Typically, taxpayers file sooner when they’re expecting a refund, said Mark Baran, managing director at financial firm CBIZ Marks Paneth.

Indeed, knowing “they won’t get a refund” is one of the top five reasons Americans procrastinate on taxes, according to a January survey from IPX1031, an investment property exchange service.

Plus, many taxpayers file for an extension, which bumps the federal filing deadline by six months, to Oct. 15 this year. This provides more time to file, but federal taxes owed are typically still due on April 15. Some taxpayers have an automatic federal extension due to natural disasters.

“A lot of high-net-worth clients will file extensions” because they’re still waiting for tax forms such as Schedule K-1 for so-called pass-through business income, Baran said.

“The [latest IRS] data doesn’t reflect the returns that are ultimately filed by October,” he added.
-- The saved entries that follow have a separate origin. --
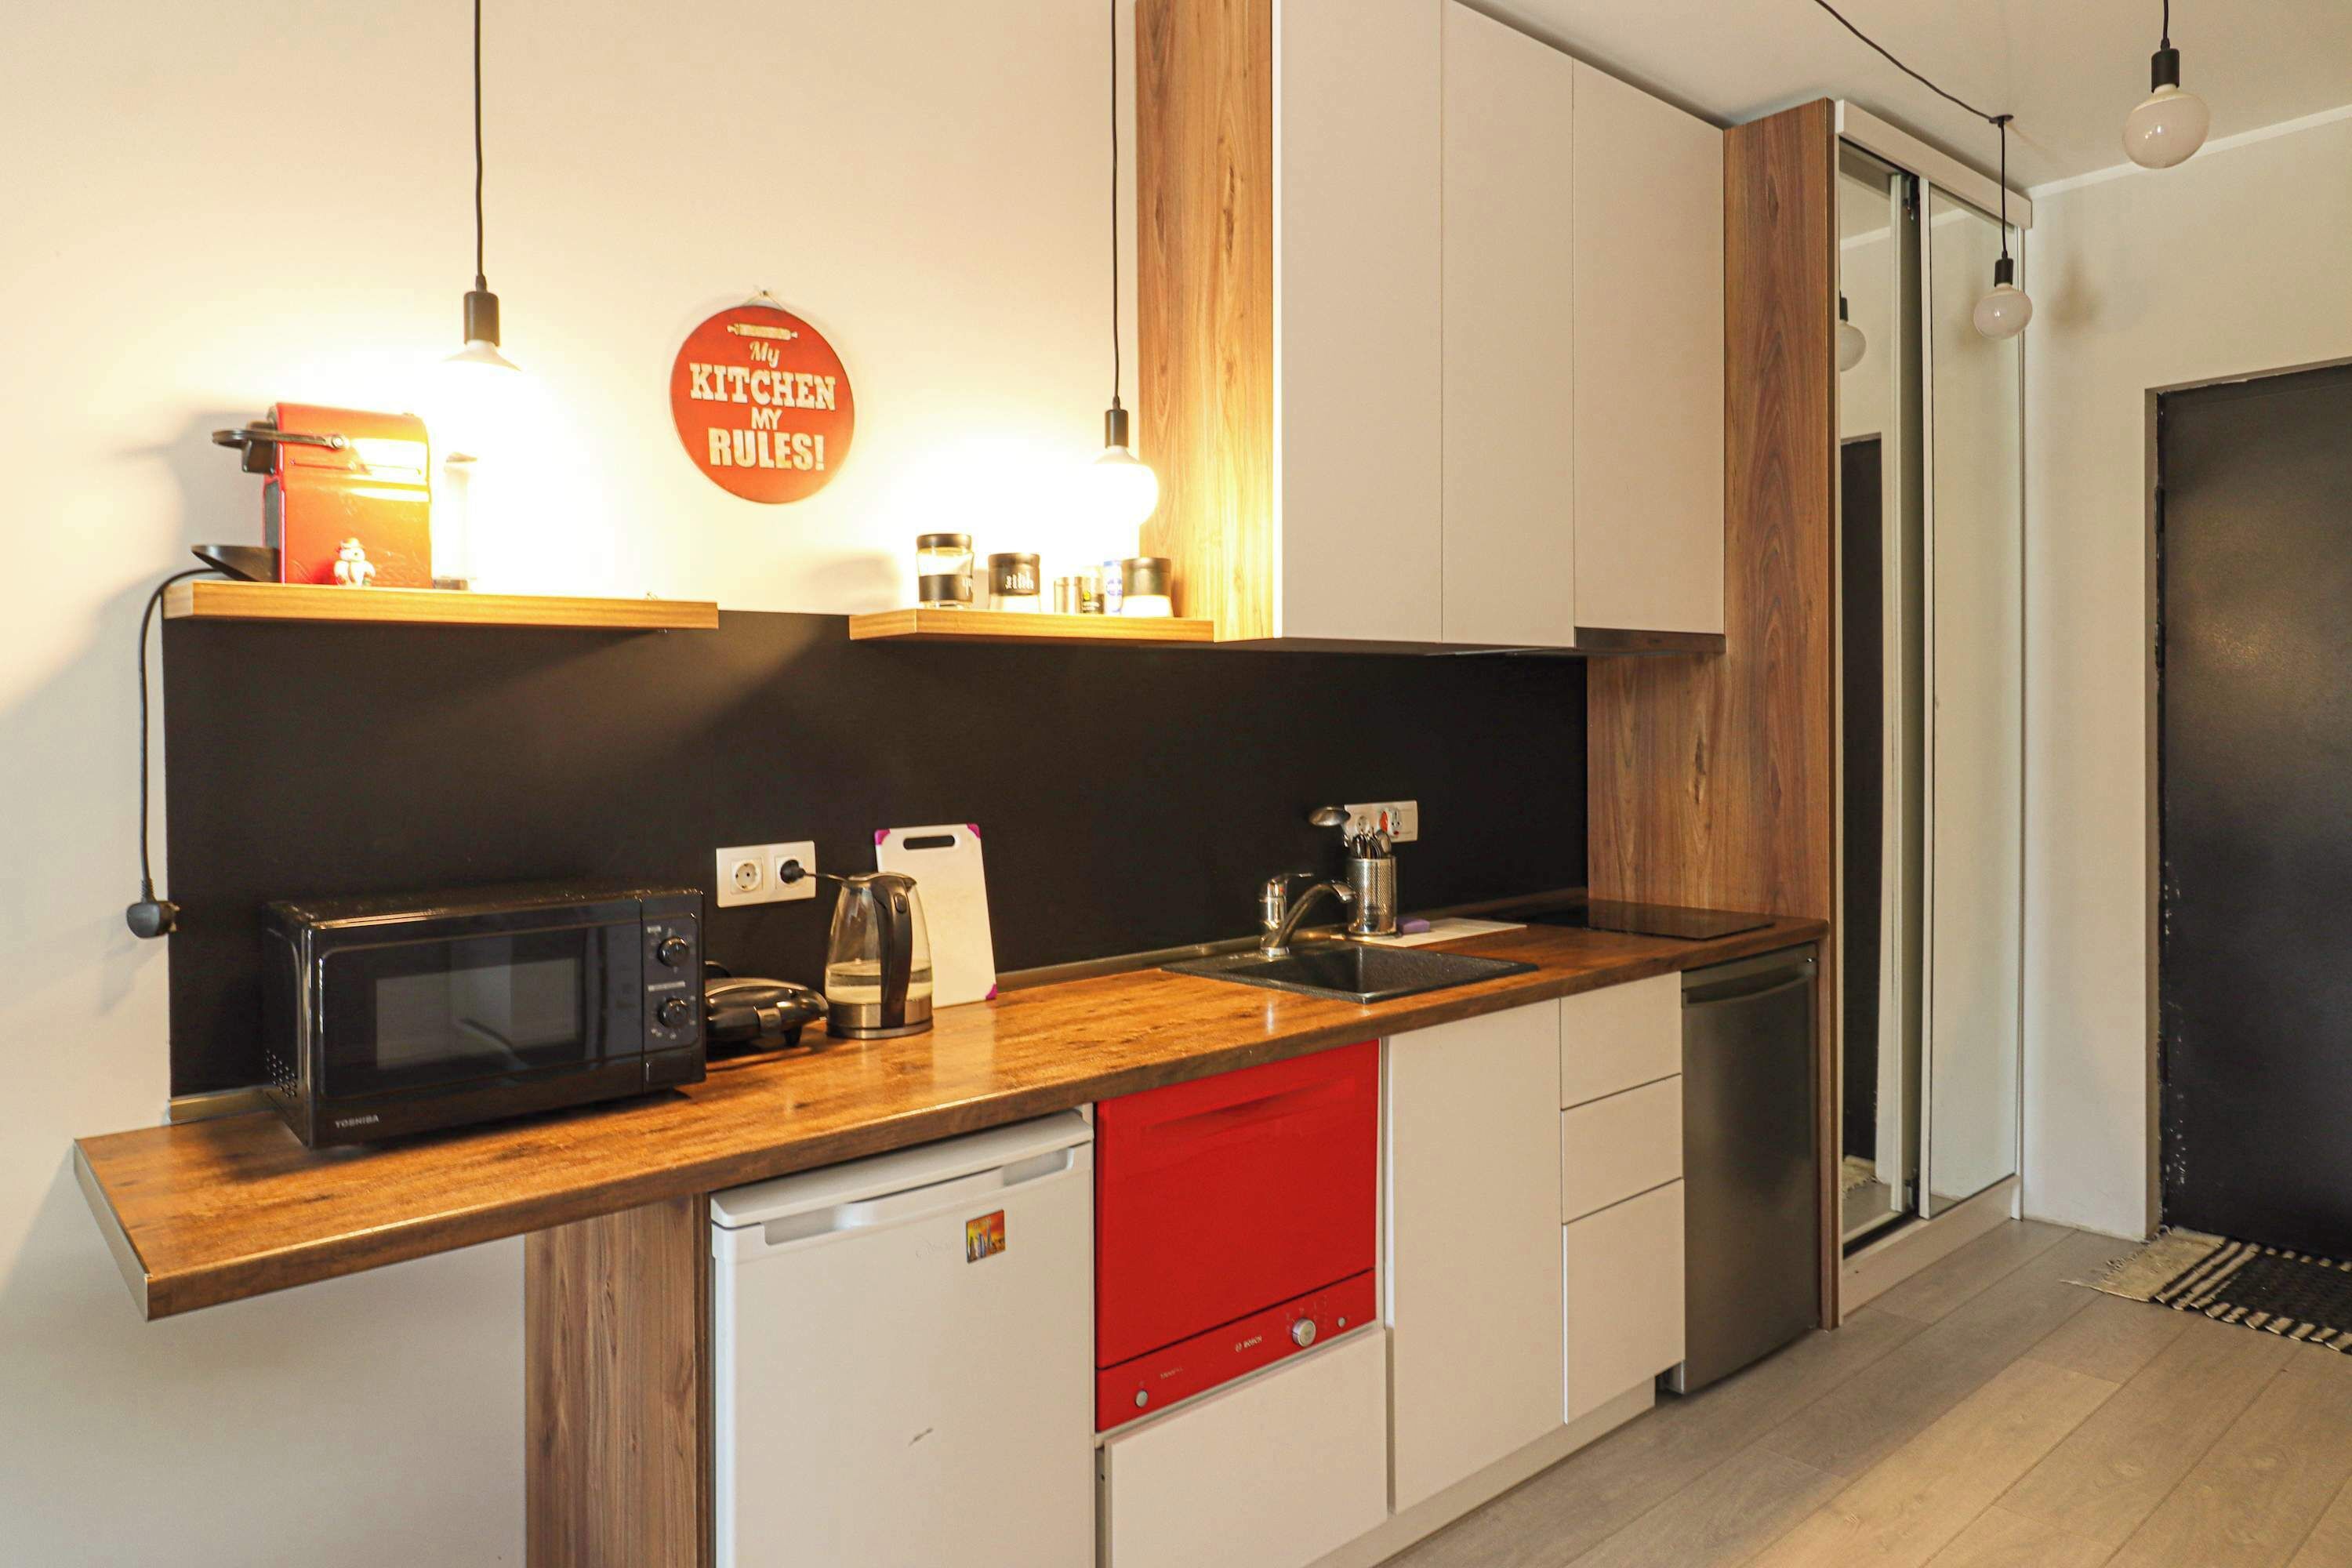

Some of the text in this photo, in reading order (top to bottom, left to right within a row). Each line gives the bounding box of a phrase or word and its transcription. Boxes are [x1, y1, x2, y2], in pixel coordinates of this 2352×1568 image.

[750, 341, 779, 368] My
[689, 362, 836, 411] KITCHEN
[751, 407, 782, 430] MY
[708, 427, 825, 470] RULES!
[335, 1114, 379, 1128] TOSHIBA
[1243, 1335, 1262, 1348] BOSCH
As of Dec. 23, the average refund for 2023 was $3,167, which was slightly lower than the $3,252 average in 2022, the IRS reported.

Why more taxpayers are relying on a refund

Some 40% of taxpayers are relying on a refund this season, up from 36% last year, according to a LendingTree survey published in March.

“The most simple explanation is inflation,” said Jacob Channel, LendingTree’s senior economist.

While inflation is down significantly from its 9.1% peak in 2022, it remains above the Federal Reserve’s 2% target, he said.

The consumer price index, which tracks the cost of consumer goods and services over time, rose 3.2% in February compared with one year ago, the Bureau of Labor Statistics reported in March.